The first patient had no angulation postoperatively; however, angulation was noted on final follow-up X-rays, which could have been prevented. In this patient, no cast or splint was placed postoperatively (Figure 3). Unfortunately, the patient suffered a new injury during the early stages of healing, leading to bending of the radial nail and angulation of the fracture.
Figure 3. Angulation due to bending of the nail.
(A) Immediate postoperative X-ray showing acceptable reduction of the radial fracture and no angulation (white arrow) evident in the lateral (L) view. (B) One-month postoperative X-ray showing angulation of the radial fracture due to bending of the nail (red arrow) evident in the L view, in a case where no cast was used, and the patient suffered a new injury.
The second patient had nails that were too thin, leading to the production of immediate postoperative angulation.
In the third patient, there was no angulation at the final follow-up, and function was normal; however, the patient suffered a re-fracture six months after hardware removal. The re-fracture was treated conservatively by casting. This patient had the worst pronation deficit of 45° at follow-up, even though there was only slight angulation, in particular, less than 10° posterior angulation of the ulna and 10° ulnar angulation of the radius. The maximum radial bowing was 4% of the total radial length, well below the mean value of 7.21% as stated by Firl and Wünsch [11].
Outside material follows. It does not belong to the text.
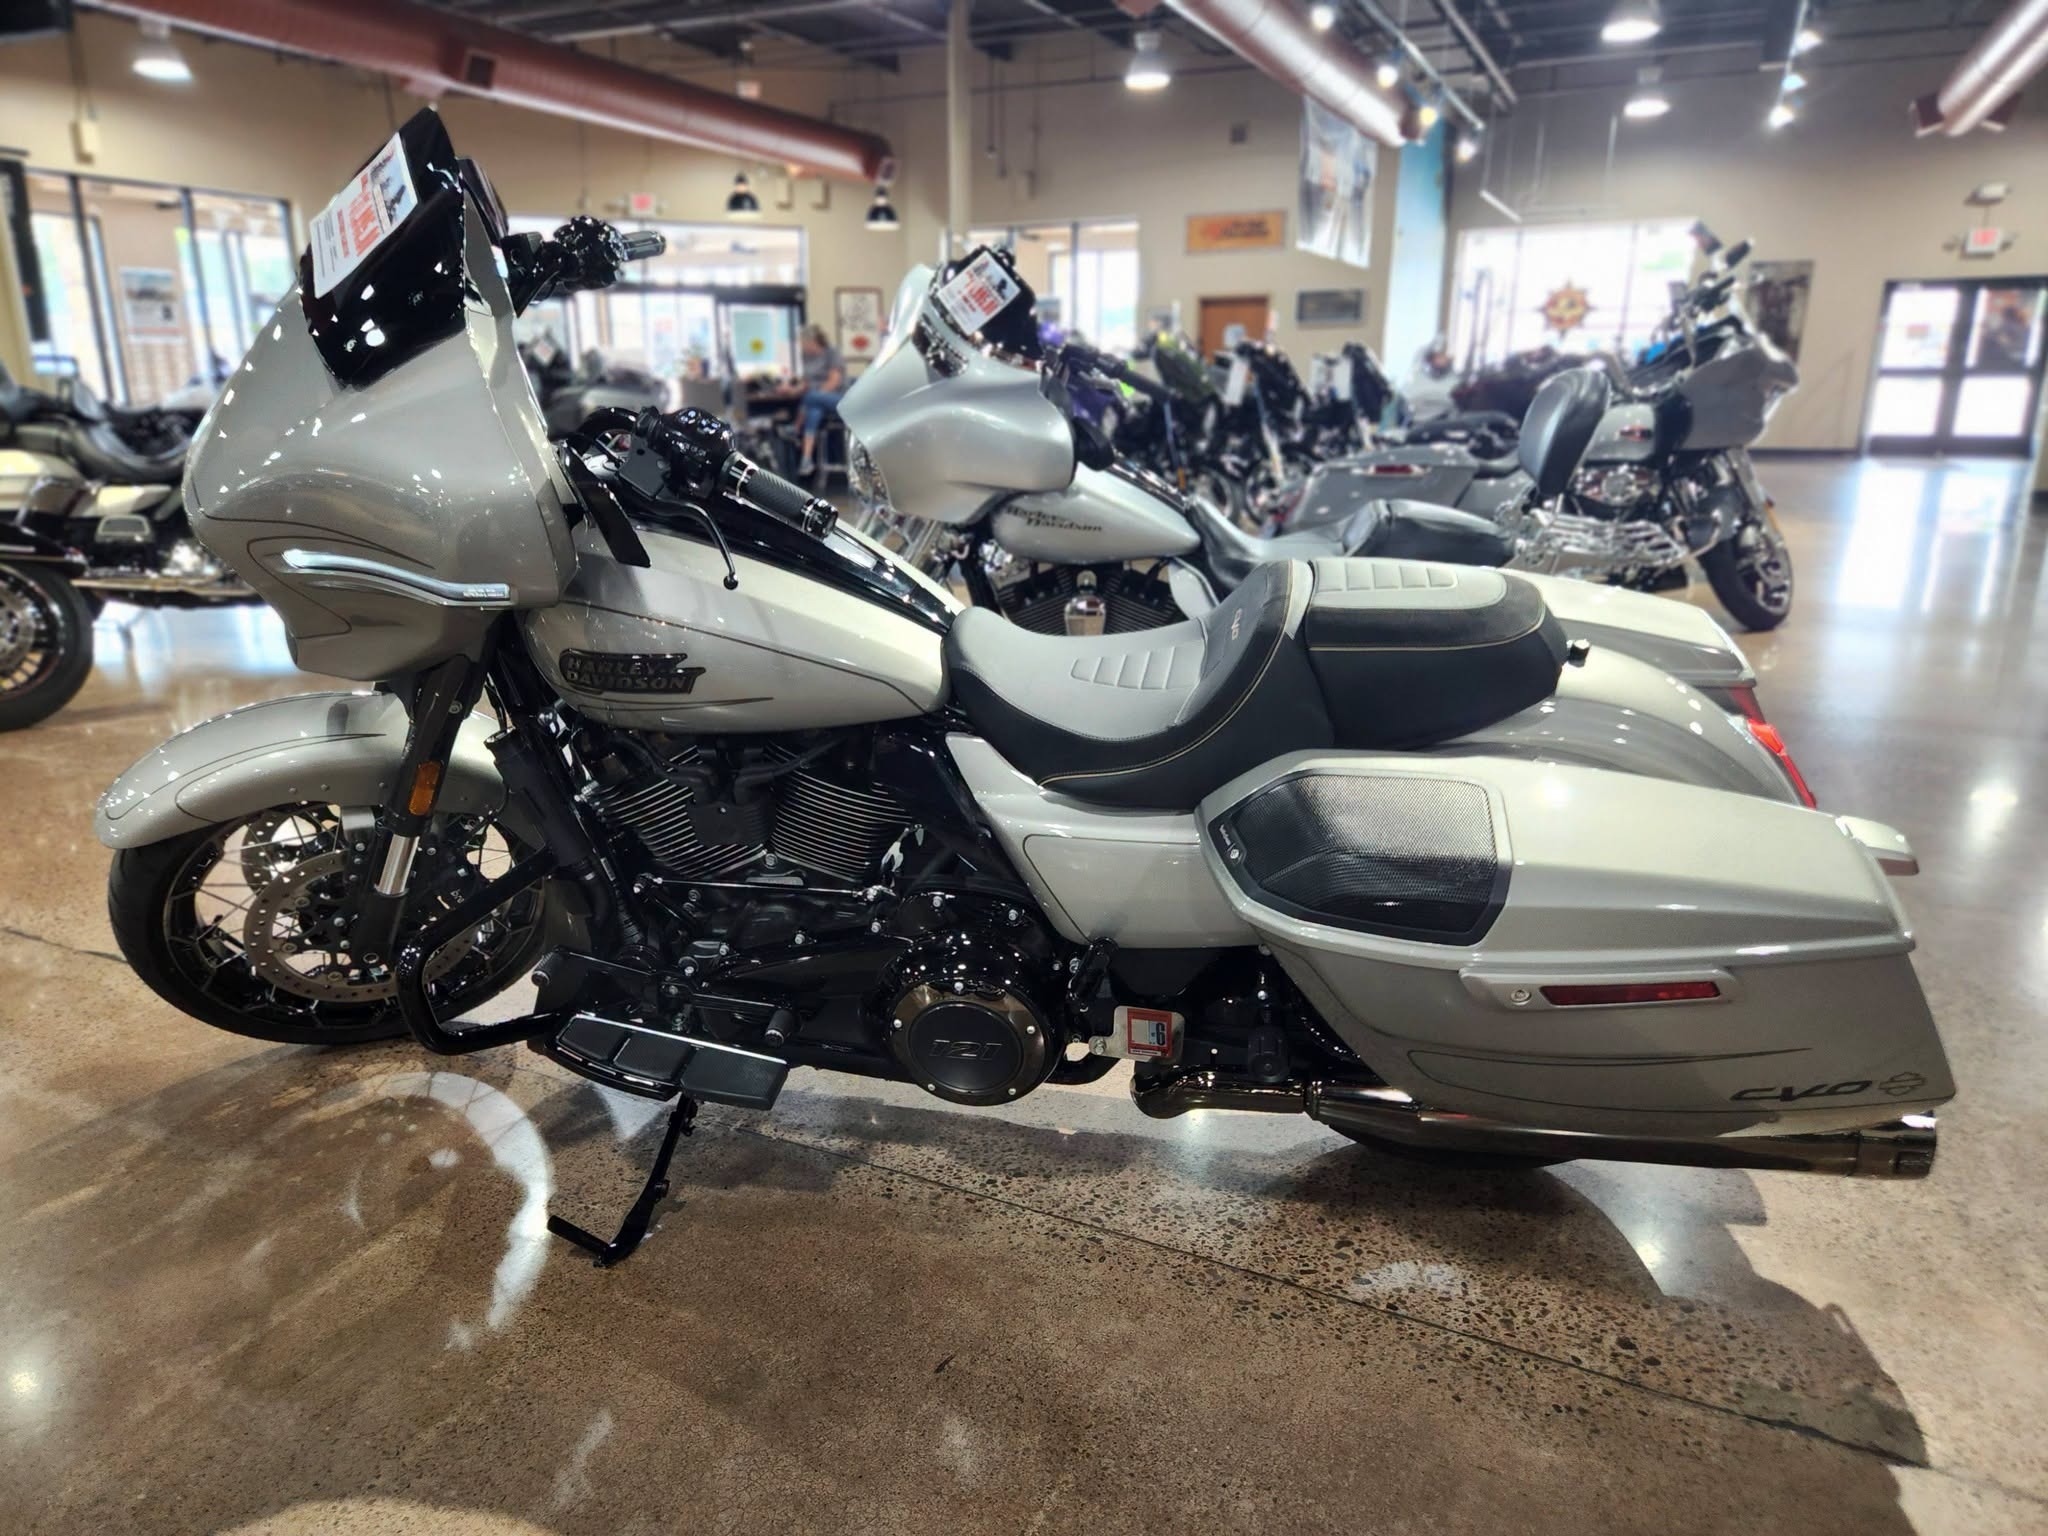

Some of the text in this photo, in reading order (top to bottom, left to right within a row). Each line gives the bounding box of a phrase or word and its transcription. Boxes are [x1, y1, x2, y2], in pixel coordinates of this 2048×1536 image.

[567, 656, 659, 675] HARLEY
[566, 670, 687, 690] DAVIDSON
[1729, 1080, 1873, 1102] CVO
In the fourth patient, there was no evident angulation postoperatively nor at the final follow-up; however, the patient had a pronation deficit of 30°. This patient had a maximum radial bowing of 7.4% of total radial length, a little higher than the mean value according to Firl and Wünsch [11].
Similarly, in the fifth patient, there was no evident angulation either postoperatively or at the final follow-up; however, a pronation deficit of 10° was noted, and a high maximum radial bowing of 8% of the total radial length was measured, as summarized in Table 2.
Table 2. Rotation deficits.
| Pronation/supination deficit | Angulation postoperatively | Angulation at the final follow-up | Maximum radial bowing | Comments |
| 20°/– | None | 12° anterior radius, 10° anterior ulna | 6% | No cast used postoperatively, new injury |
| 10°/– | 10° anterior radius | 10° anterior radius | 6.3% | Too thin nails used |
| 45°/– | None | 10° posterior ulna, 10° ulnar of the radius in healing after re-fracture | 4% | Angulation present after re-fracture treated conservatively |
| 30°/10° | None | None | 7.4% | |
| 10°/– | None | None | 8% |
Stiffness can occur even with normal radiographs, and this could be indicative of fibrosis of the interosseous membrane and/or contracture of the interosseous ligament [13,14].
Discussion
The ultimate goal when treating forearm fractures should be a good functional result whether treated surgically or conservatively. It has been demonstrated that 15° to 20° of angulation in the middle third forearm can lead to a major loss of forearm rotation [3]. This, however, does not necessarily result in a bad functional outcome. The exact amount of acceptable angulation, rotation, and displacement are controversial in the existing literature. Price recommends an acceptable angulation of under 15º in mid-shaft and distal shaft fractures, under 10º in the proximal shaft, under 30º of malrotation, and up to 100º displacement in children under eight years old [15].
Our cases consisted of unacceptable closed reduction or secondary loss of reduction. Surgical treatment was never chosen based solely on potential instability or the patient’s age.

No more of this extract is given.